--- What to produce ---
Every line from the one containing "this 2352×1568 image." to the final line of the material below must be reproduced exactly; leave out all other lines.
════════════════════
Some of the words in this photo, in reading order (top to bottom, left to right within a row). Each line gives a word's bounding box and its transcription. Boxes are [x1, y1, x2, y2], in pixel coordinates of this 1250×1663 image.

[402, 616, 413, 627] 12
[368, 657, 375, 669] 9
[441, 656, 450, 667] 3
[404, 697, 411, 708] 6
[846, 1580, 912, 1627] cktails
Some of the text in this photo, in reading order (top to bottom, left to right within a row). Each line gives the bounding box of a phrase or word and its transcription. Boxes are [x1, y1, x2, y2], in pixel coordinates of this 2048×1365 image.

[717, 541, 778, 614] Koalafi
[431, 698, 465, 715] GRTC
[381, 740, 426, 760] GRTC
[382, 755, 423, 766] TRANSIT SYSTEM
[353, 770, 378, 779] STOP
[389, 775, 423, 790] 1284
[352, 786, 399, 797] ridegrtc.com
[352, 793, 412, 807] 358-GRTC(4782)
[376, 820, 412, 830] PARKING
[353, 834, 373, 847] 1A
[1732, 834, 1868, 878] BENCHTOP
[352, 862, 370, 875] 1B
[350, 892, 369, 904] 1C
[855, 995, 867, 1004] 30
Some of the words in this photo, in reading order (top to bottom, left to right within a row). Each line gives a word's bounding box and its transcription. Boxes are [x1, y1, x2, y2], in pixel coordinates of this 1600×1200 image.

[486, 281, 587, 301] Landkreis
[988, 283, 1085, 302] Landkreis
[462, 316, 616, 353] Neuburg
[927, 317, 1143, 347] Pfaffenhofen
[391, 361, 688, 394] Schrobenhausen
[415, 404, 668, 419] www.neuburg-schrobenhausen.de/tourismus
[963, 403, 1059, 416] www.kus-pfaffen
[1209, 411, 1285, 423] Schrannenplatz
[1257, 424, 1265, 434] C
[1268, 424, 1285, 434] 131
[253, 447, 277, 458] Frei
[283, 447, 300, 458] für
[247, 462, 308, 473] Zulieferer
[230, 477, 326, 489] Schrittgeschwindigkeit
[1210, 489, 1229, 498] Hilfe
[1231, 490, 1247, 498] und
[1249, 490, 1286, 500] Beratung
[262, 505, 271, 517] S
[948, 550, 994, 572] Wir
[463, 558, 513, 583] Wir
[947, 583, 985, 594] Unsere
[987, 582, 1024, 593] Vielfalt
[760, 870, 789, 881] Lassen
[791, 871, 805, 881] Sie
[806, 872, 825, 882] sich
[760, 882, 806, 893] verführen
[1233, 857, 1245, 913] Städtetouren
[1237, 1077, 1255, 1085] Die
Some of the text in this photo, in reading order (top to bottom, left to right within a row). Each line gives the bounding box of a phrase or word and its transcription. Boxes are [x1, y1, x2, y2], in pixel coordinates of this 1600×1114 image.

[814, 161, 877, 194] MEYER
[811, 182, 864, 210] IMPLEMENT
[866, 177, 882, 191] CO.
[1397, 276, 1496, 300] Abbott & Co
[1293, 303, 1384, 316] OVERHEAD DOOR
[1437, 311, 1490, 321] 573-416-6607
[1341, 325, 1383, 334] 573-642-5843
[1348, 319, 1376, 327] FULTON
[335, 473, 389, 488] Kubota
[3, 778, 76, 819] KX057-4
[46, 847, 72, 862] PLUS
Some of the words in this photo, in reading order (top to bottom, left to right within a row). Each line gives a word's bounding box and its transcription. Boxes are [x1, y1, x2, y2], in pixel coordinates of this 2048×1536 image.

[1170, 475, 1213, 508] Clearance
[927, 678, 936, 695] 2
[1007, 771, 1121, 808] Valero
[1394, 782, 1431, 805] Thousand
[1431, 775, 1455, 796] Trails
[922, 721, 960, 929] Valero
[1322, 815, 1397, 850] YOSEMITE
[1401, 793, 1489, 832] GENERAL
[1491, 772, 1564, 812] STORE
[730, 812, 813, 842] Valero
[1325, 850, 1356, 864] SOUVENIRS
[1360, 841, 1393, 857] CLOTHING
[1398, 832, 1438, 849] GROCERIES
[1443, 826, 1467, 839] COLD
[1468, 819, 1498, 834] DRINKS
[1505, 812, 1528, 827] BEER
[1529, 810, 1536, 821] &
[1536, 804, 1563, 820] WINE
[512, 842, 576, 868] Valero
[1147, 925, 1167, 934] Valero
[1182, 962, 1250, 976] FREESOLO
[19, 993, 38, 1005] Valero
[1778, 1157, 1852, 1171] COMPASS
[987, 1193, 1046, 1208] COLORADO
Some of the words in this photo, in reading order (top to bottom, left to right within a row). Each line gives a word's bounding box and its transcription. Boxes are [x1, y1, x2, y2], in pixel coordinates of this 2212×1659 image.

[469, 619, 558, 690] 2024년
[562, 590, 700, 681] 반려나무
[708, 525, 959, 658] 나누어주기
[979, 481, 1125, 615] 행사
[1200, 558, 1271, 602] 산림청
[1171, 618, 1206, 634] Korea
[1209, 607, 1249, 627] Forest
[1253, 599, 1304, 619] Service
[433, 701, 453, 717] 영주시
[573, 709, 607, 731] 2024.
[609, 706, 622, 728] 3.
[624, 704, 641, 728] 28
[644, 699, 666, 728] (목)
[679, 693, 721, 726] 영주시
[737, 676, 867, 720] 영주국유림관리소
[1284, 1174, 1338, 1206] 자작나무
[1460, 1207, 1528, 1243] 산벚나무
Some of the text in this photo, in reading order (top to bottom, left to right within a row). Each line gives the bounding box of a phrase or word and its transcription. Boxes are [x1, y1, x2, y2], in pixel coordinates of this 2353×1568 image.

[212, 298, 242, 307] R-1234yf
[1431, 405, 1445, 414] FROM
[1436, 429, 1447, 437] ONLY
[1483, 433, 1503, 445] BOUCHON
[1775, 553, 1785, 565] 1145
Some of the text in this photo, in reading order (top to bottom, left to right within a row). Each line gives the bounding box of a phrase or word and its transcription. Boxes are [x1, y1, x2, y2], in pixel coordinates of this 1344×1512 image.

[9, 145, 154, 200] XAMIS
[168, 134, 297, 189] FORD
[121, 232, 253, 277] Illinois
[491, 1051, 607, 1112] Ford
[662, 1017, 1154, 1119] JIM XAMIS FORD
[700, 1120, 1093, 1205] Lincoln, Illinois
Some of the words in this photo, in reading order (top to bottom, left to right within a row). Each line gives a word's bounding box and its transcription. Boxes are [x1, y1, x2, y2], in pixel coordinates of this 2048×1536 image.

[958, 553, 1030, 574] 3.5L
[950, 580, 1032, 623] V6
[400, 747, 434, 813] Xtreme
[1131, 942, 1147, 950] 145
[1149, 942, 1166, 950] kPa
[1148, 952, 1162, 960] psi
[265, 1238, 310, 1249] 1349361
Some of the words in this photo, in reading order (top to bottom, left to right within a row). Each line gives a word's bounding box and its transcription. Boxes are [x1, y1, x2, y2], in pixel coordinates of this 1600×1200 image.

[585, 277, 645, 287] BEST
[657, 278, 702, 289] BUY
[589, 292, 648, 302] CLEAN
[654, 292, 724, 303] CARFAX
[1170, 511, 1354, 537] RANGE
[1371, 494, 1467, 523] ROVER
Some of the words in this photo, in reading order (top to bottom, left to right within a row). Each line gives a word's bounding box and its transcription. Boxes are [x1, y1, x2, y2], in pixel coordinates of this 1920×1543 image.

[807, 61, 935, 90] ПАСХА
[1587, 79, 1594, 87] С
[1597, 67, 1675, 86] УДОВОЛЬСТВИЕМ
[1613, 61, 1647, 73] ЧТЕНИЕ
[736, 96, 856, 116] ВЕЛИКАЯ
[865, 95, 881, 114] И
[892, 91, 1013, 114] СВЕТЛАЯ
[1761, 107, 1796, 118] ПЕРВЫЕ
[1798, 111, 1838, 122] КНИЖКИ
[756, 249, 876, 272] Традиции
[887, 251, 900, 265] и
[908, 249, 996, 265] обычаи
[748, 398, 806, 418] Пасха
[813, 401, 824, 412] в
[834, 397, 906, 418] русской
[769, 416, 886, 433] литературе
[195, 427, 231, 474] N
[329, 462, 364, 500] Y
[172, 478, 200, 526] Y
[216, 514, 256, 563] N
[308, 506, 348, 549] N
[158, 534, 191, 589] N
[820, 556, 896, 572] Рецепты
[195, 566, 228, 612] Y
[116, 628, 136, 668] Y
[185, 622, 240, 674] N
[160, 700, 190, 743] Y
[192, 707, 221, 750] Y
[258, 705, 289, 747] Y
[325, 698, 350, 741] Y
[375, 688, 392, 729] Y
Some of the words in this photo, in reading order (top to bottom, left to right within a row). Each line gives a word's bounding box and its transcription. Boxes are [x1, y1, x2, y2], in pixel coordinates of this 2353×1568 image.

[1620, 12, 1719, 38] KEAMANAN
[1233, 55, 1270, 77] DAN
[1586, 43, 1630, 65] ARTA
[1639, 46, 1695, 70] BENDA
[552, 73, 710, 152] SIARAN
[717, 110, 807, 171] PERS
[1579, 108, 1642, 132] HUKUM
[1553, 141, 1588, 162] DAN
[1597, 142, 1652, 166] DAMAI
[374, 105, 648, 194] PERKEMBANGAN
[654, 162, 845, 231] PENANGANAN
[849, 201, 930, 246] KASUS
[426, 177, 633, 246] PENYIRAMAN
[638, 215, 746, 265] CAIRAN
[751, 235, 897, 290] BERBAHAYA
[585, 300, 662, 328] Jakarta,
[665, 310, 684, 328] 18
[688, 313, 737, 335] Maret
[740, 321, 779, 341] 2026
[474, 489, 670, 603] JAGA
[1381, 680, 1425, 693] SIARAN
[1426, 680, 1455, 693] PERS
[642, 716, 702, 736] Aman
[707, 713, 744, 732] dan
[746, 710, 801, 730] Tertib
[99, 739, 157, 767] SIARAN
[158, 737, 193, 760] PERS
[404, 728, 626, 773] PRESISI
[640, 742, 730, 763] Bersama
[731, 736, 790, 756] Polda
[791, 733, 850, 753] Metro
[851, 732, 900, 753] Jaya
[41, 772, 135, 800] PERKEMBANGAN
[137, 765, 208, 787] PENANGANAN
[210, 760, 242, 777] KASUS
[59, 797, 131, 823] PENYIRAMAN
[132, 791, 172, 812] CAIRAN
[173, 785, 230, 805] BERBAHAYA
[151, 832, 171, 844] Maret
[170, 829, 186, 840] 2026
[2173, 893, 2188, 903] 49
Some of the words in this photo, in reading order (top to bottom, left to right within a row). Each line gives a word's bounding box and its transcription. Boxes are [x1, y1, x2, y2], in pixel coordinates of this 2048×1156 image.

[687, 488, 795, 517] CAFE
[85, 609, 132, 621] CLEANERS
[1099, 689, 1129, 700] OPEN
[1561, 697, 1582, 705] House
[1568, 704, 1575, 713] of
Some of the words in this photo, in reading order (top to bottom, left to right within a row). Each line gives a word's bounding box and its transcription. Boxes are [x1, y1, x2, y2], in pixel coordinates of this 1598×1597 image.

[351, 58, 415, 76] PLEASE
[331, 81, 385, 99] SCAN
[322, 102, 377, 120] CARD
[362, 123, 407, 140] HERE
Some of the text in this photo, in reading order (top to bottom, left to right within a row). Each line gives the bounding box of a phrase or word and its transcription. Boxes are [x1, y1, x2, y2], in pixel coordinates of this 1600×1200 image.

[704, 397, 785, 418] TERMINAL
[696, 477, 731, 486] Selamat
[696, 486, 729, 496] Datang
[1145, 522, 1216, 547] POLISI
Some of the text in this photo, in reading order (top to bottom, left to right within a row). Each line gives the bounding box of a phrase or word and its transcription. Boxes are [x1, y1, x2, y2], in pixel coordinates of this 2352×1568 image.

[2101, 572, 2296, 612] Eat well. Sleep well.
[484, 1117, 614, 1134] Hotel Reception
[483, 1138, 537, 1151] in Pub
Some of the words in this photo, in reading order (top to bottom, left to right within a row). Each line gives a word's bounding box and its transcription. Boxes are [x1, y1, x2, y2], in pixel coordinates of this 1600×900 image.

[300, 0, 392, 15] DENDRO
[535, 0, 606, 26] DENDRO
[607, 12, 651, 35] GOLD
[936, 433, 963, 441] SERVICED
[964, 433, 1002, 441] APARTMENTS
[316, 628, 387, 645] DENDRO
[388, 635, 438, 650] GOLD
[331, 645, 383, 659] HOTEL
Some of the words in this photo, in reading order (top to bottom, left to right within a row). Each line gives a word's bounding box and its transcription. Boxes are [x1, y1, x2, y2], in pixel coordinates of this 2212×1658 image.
════════════════════
--- Reply ---
Some of the text in this photo, in reading order (top to bottom, left to right within a row). Each line gives the bounding box of a phrase or word and its transcription. Boxes are [x1, y1, x2, y2], in pixel coordinates of this 2352×1568 image.

[2101, 572, 2296, 612] Eat well. Sleep well.
[484, 1117, 614, 1134] Hotel Reception
[483, 1138, 537, 1151] in Pub
Some of the words in this photo, in reading order (top to bottom, left to right within a row). Each line gives a word's bounding box and its transcription. Boxes are [x1, y1, x2, y2], in pixel coordinates of this 1600×900 image.

[300, 0, 392, 15] DENDRO
[535, 0, 606, 26] DENDRO
[607, 12, 651, 35] GOLD
[936, 433, 963, 441] SERVICED
[964, 433, 1002, 441] APARTMENTS
[316, 628, 387, 645] DENDRO
[388, 635, 438, 650] GOLD
[331, 645, 383, 659] HOTEL
Some of the words in this photo, in reading order (top to bottom, left to right within a row). Each line gives a word's bounding box and its transcription. Boxes are [x1, y1, x2, y2], in pixel coordinates of this 2212×1658 image.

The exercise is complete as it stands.